There was a cheer when India’s stock market registered the 100 millionth (10 crore) investor account. While that is an astounding number for most countries, it is just a fraction of the potential in India, with 1.4 billion (or 140 crore) people. Most market experts say the potential is three times more than the number. To have 300 million investor accounts would be an extraordinary development. That would be more than the population of the US and probably multiple times the number of individual investors in Europe.
Household savings are key drivers in an economy to finance growth. Surveys have shown that most savings are entered into physical assets in India. Most homes prefer to hoard real estate or gold. It is estimated that households in India have close to 24,000 tonnes of gold.
That is three times more than the Central Bank of the United States of America, the most influential central bank in the world. However, India needs households to deploy their savings into bank deposits and equity assets. That allows the financing of business expansion and creates new employment. Most Indian household wealth is still in physical assets like real estate and gold.
A new working paper published by the Reserve Bank of India shows that a lower unemployment rate increases the likelihood of household savings reaching financial asset categories like bank deposits, mutual funds and equity assets. It clearly shows that the risk appetite of households is enhanced with higher job security and regular income streams.
The decision to put the money into fixed deposits and post office savings is primarily based on the interest rates. Household savings find their way into guaranteed return schemes due to their simplicity. However, the same does not hold for real estate and equity markets. That could be primarily because real estate is not an easy investment in India, and equity markets are complicated to understand when the right time to buy or sell is.
Financial services
The encouraging trend towards financial assets means the future holds suitable for banking finance services like stock broking and insurance. The sheer demography will likely expand the scope of business that companies in the sector offer. More banking services will be required. Households need not just basic banking but everything that helps individuals and households save and put more money into fixed deposits and other savings products. They need to seek more life and health insurance.
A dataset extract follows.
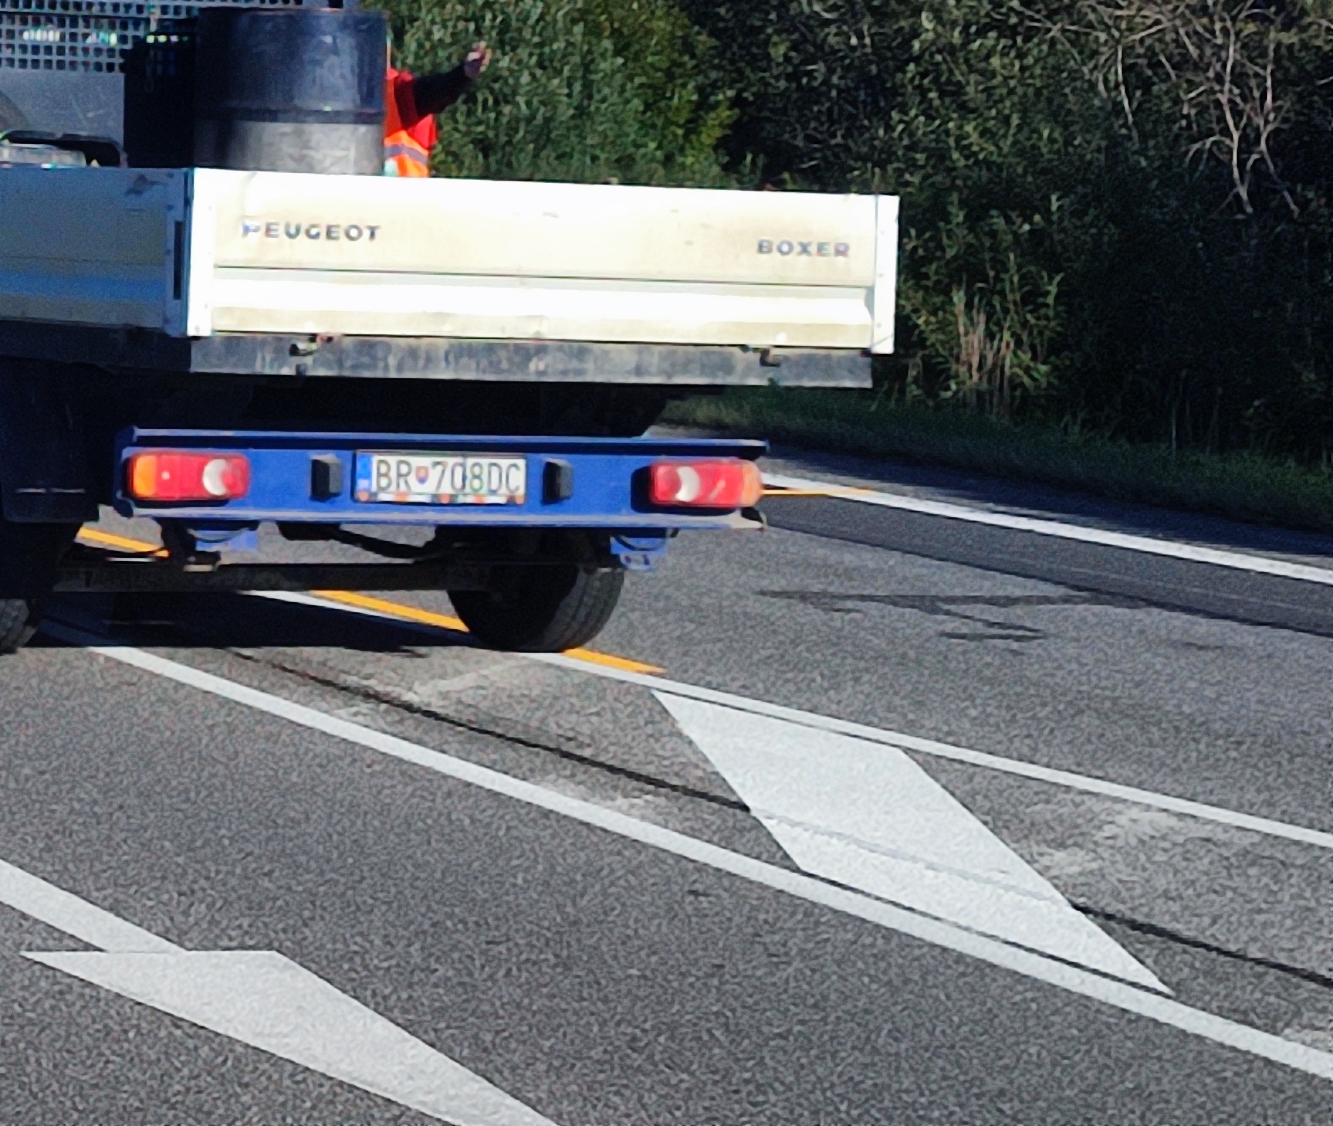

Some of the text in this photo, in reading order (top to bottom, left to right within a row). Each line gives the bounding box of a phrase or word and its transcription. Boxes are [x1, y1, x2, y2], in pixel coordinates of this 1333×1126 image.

[242, 221, 381, 242] PEUGEOT
[756, 239, 850, 258] BOXER
[376, 459, 412, 493] BR
They would have done it sooner if they had not done it now. The surge in monthly systematic investment plans is another example of how savings are finding their way into the stock markets. As households earn a higher income, their allocation into SIPs is enhanced. It is a gradual process.
While that happens, companies that offer financial services to us, like banks, insurance companies, stock broking companies and mutual fund companies, expand their business. For India to become a developed nation, it requires large banks like those in China and the US with a balance sheet size that is much bigger than now.
While that structural story unfolds, you need to think like an investor. Exposure to equity shares of financial services companies rapidly expanding their business is perhaps the most investible idea. There are multiple ways you can do that. You must engage a professional financial advisor to help you determine the correct allocation to the sector.
You can invest in index funds that track the Nifty Bank index. You can also own shares of top banks or listed stockbroking, insurance or asset management companies. If the financial services sector is going to boom and bloom, there is no reason why you cannot make the most of it.